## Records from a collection
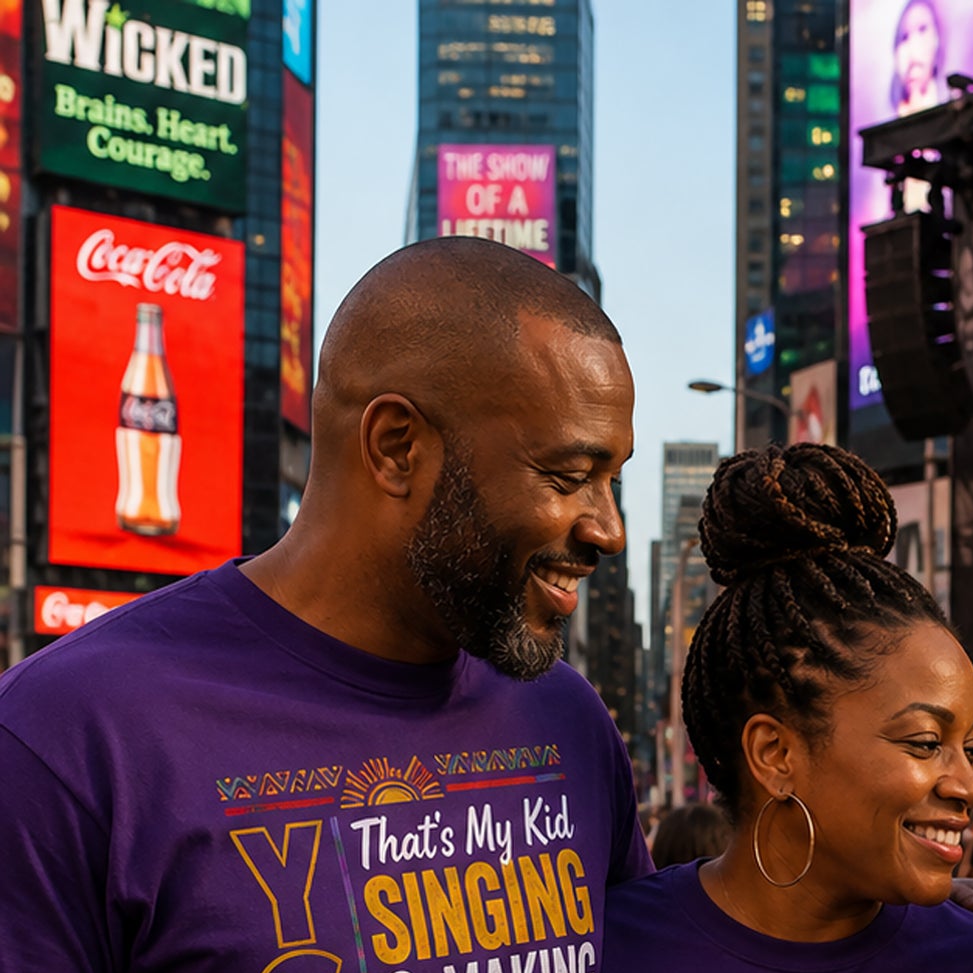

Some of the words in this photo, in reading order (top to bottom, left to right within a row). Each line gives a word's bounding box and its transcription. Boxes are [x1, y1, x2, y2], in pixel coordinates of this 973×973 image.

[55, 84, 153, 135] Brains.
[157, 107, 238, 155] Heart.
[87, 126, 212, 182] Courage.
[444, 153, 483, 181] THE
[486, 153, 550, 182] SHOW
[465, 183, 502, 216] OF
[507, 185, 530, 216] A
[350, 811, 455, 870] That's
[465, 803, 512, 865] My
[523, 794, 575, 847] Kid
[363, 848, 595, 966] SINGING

## How to complete this task
Leave out all images, then reproduce the entries above exactly.

## Task response
Some of the words in this photo, in reading order (top to bottom, left to right within a row). Each line gives a word's bounding box and its transcription. Boxes are [x1, y1, x2, y2], in pixel coordinates of this 973×973 image.

[55, 84, 153, 135] Brains.
[157, 107, 238, 155] Heart.
[87, 126, 212, 182] Courage.
[444, 153, 483, 181] THE
[486, 153, 550, 182] SHOW
[465, 183, 502, 216] OF
[507, 185, 530, 216] A
[350, 811, 455, 870] That's
[465, 803, 512, 865] My
[523, 794, 575, 847] Kid
[363, 848, 595, 966] SINGING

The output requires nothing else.